I had this too. My voice returned on its own. I did take some ibuprofen, which is good for swelling, and a combination cough medicine of dextromethorphan and guaifenisen. The second is an expectorant. It will keep your cough from being dry; a wet cough is a lot less irritating than a dry cough. The dextro is a suppressant. I still coughed with it, but it cut the amount by about 80% and the intensity by about 50%. I also stopped having coughing fits that woke me up and made it hard to catch my breath.
This is something I get from time to time, maybe every four or five years. I will have a bad upper respiratory infection, and it will be followed by a bronchitis that lasts 4-6 weeks. I sometimes get laryngitis during the bronchitis.
Warm liquids, rest, and ibuprofen are the only treatments, along with the cough suppressants so it doesn’t get worse.
A note on talking: aside from talking irritating your larynx, if you talk, especially shout, while you have laryngitis, you can cause scarring on your vocal folds, AKA vocal “nodes,” which make your voice raspy.

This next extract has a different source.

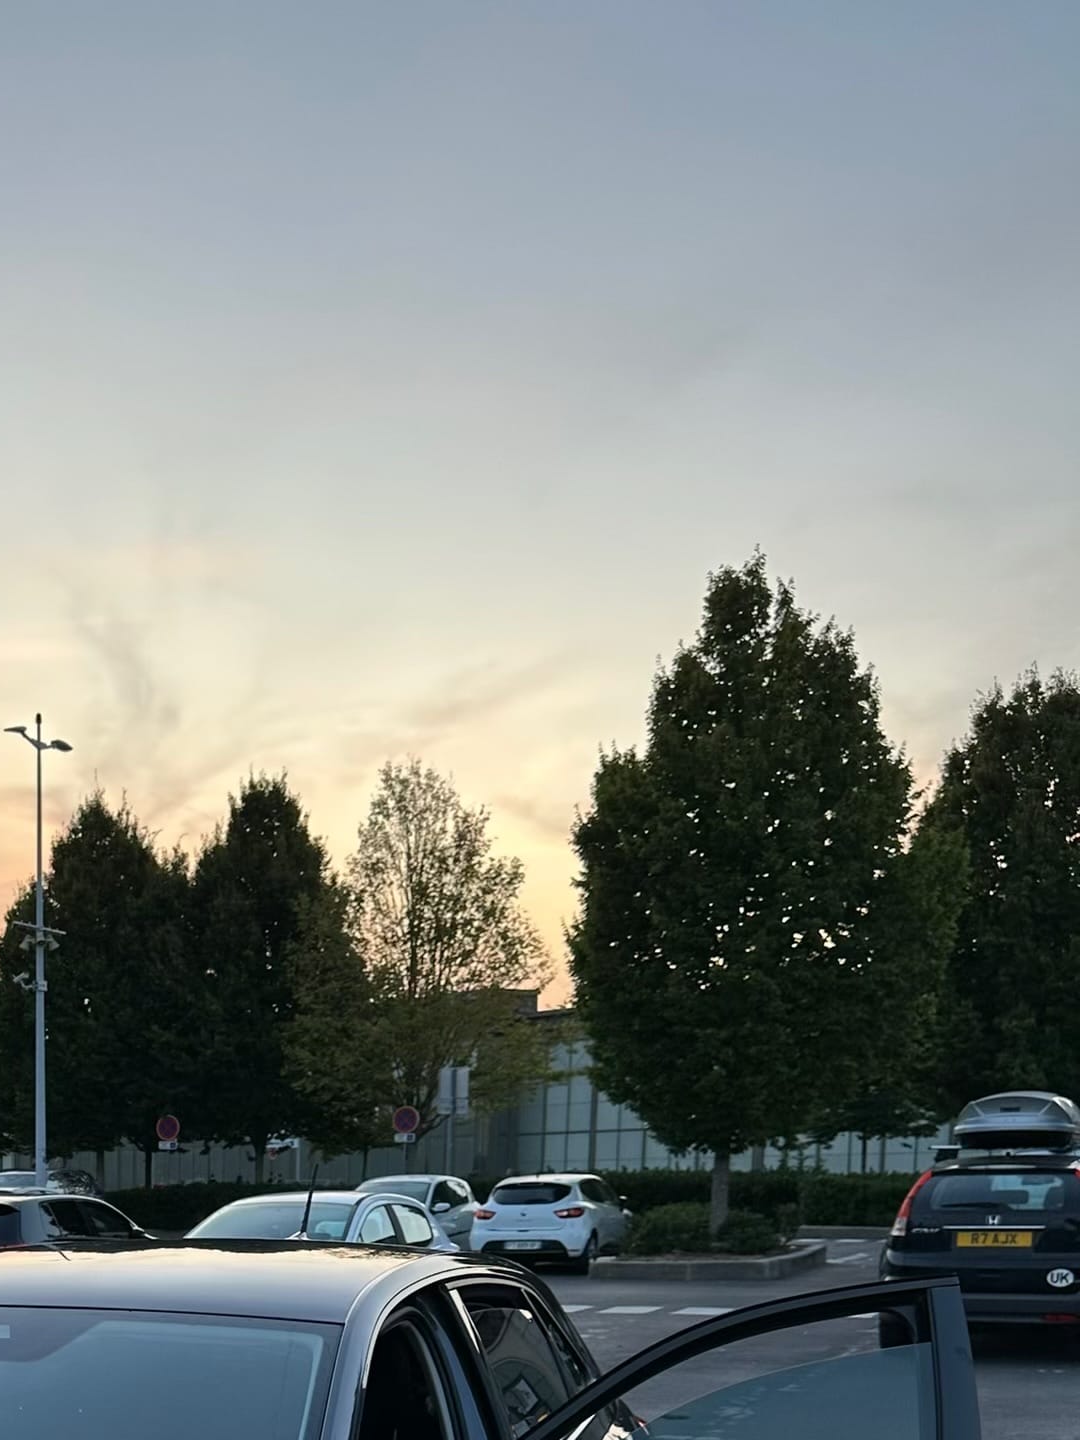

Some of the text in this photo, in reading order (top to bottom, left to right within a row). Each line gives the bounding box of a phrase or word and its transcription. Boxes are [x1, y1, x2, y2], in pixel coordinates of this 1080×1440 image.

[970, 1232, 1017, 1244] R7 AJX
[1050, 1272, 1070, 1284] UK

I understand your situation-- I have a child too, and when he was small, my husband was in the Army Reserves, and I now work in a job where I have to go in sick if I’m not contagious. But limit your talking as much as possible, and for cripes’ sake, don’t shout. Try to project from your diaphragm, like you are speaking on stage, and get as much volume as you can that way. Shouting tightens up your throat. Projecting relaxes it.
If you still have laryngitis when your husband gets back, see a doctor. You might need steroids. I had to have them once for a very bad case of laryngitis where I quite literally could not speak, not at all. My husband knows just a little bit of sign language, and I sure as heck made him use it. I actually thought about getting an interpreter for the doctor’s appointment, but I settled for writing things down, and letting DH fill in details.